Kamal Kanthan Ravikumar1, Vinod Narayanan2, Mathivanan2,  
1 International Medical Center, Jeddah, Saudi Arabia
2 Departmant of OMFS, Saveetha Dental College, Chennai, Tamil Nadu, India

Correspondence Address:
Dr. Kamal Kanthan Ravikumar
International Medical Center, PO Box: 2172, Jeddah 21451
Saudi Arabia

Abstract

Aims: The aim of the present study is to investigate the relationship between preoperative findings and the postoperative outcome following surgical removal of lower third molar. Settings and Design: This is a prospective observational study conducted at the Department of Oral and Maxillofacial Surgery, Saveetha University. A total of 104 patients requiring surgical removal of unilateral third molar were evaluated. Patients who were on antibiotics and analgesic for an underlying problem related to impacted third molars preoperatively were excluded. Preoperative variables evaluated were age, sex, maximum interincisal distance, facial measurements both vertical and horizontal, radiographic measurement of position, class, angulation of impacted lower third molar, experience of operator, and duration of surgery. Postoperative evaluation was done on the 1st and 4th day and 7th postoperative day, and the following parameters were evaluated: facial swelling, pain, dry socket, secondary infection, paresthesia, postoperative bleeding, and fracture of jaw. Statistical Analysis Used: The preoperative parameters and postoperative outcomes were compared and correlated using one-way ANOVA, independent “t” test, and Chi-square test. Results: There is statistically significant result to demonstrate that pain and swelling increase with age, the depth of impaction, and when there is no adequate available space between the anterior border of ramus and second molar. As duration of surgery increases, pain, swelling, trismus, and frequency of dry socket increase in our study. Frequency of dry socket increases with increased depth of impaction.
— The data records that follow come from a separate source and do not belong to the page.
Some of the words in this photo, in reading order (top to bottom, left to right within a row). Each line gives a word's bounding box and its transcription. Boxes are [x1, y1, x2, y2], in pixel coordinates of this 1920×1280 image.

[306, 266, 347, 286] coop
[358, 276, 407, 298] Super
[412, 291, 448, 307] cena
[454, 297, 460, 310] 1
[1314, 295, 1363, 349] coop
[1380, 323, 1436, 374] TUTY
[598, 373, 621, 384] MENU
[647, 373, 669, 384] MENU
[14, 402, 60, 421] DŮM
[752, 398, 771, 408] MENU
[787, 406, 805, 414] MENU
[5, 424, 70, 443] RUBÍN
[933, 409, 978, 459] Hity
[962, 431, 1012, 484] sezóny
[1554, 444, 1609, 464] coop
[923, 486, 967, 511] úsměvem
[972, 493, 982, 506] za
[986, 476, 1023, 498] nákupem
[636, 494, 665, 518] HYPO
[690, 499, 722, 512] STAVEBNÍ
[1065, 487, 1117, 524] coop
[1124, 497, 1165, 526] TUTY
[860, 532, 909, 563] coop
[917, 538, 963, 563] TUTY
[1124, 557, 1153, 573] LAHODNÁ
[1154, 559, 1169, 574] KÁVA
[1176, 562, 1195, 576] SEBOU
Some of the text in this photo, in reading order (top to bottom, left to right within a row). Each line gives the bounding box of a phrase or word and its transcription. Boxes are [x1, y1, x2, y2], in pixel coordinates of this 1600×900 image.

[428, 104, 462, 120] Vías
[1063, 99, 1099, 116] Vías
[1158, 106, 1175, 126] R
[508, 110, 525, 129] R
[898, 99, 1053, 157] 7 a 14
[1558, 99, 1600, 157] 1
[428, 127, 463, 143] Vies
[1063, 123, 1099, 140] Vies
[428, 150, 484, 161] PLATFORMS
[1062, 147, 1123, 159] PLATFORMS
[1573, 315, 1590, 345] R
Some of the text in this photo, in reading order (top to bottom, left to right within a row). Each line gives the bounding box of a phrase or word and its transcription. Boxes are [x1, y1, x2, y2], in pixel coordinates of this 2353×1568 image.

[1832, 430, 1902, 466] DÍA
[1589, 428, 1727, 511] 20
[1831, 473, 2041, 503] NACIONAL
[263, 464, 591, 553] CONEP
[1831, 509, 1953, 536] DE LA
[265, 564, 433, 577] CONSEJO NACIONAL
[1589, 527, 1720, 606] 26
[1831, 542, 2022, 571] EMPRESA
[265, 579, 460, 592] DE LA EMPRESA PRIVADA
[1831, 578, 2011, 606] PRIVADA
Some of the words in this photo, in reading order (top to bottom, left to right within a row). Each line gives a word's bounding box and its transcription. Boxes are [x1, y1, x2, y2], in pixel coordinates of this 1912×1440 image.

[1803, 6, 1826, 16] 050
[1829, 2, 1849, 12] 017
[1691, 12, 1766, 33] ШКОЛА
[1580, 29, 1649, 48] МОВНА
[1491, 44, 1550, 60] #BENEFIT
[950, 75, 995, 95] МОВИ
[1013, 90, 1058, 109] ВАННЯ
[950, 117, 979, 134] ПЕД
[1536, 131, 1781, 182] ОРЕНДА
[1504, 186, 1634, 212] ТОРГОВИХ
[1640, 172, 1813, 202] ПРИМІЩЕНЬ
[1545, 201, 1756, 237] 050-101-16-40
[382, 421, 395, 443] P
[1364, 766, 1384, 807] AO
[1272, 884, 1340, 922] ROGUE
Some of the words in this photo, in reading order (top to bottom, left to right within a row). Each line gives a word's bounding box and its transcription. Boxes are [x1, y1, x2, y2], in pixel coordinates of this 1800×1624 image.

Conclusions: In our study, age, sex, the depth of impaction, the space available for the impacted tooth between the anterior border of ramus and second molar, duration of surgery, and horizontal and distoangular impactions have a positive correlation with the outcome of surgical removal of third molar.



How to cite this article:
Ravikumar KK, Narayanan V, Mathivanan. Prediction of postoperative outcome in mandibular third molar surgery based on preoperative variables: A Prospective clinical study.Int J Soc Rehabil 2018;3:14-23


How to cite this URL:
Ravikumar KK, Narayanan V, Mathivanan. Prediction of postoperative outcome in mandibular third molar surgery based on preoperative variables: A Prospective clinical study. Int J Soc Rehabil [serial online] 2018 [cited 2019 Jul 21 ];3:14-23
Available from: http://www.ijsocialrehab.com/text.asp?2018/3/1/14/244543


Full Text



 Introduction



Anthropologists state that the constantly increasing cerebration of man enlarges his braincase at the expense of his jaws. The surgical removal of third molar is and will still be in the light of changing aspects of dentistry as we know them, the most common and at times, the most perplexing oral surgical problem. All the clear-cut basic principles applicable in surgery are made use of here. Mandibular third molar impaction is a common condition, giving rise to symptoms, which necessitates its removal. Some of these teeth can be extracted without prior removal of surrounding bone, but most impacted lower wisdom teeth require surgical intervention. The surgical removal of impacted third molar is the most common surgical procedure in oral and maxillofacial surgery, and the postoperative course is not without complication.[1],[2],[3],[4],[5],[6] Patients are becoming more demanding in their expectation of treatment. Surgical extraction techniques are constantly being refined to minimize postoperative morbidity. There have been few attempts to study patients' expectations of outcome although patients' perception of recovery after third molar surgery has been reported.[7],[8] It is more informative from a patient's point of view to relate outcome to factors that can be measured preoperatively than to rely on an overall probability.

Aim of the study

The aim of the present study is to investigate the relationship between preoperative findings and the postoperative outcome following surgical removal of lower third molar.

 Subjects and Methods



This is a prospective observational study conducted at the Department of Oral and Maxillofacial Surgery, Saveetha University. The study was approved by the institutional ethics committee. Any patients requiring unilateral surgical removal of the impacted lower molar are included. Patients who are already on medications such as antibiotics and analgesic for problems related to impacted third molars preoperatively. Preoperative variables evaluated were age, sex, maximum interincisal distance (MID), facial measurements both vertical – measured from outer canthus of eye to angle of mandible and horizontal – measured from tragus to angle of mandible, radiographic measurement of position, class, angulation of impacted lower third molar, experience of operator, and duration of surgery [Figure 1], [Figure 2], [Figure 3], [Figure 4], [Figure 5], [Figure 6], [Figure 7], [Figure 8], [Figure 9], [Figure 10], [Figure 11], [Figure 12], [Figure 13].{Figure 1}{Figure 2}{Figure 3}{Figure 4}{Figure 5}{Figure 6}{Figure 7}{Figure 8}{Figure 9}{Figure 10}{Figure 11}{Figure 12}{Figure 13}

Surgical procedure

All operations were done under local anesthesia by the 2nd year and 3rd year oral and maxillofacial surgery postgraduate trainees with uniform institutional surgical training in the same operating room and under similar operating conditions. Anesthesia was achieved by inferior alveolar nerve (IAN) block and buccal nerve block and with 2 ml of 2% lignocaine with 1:200,000 adrenaline. The incision used in the surgery was a three-cornered flap with an anterior releasing incision at distal aspect of the first or second molar depending on the individual requirements.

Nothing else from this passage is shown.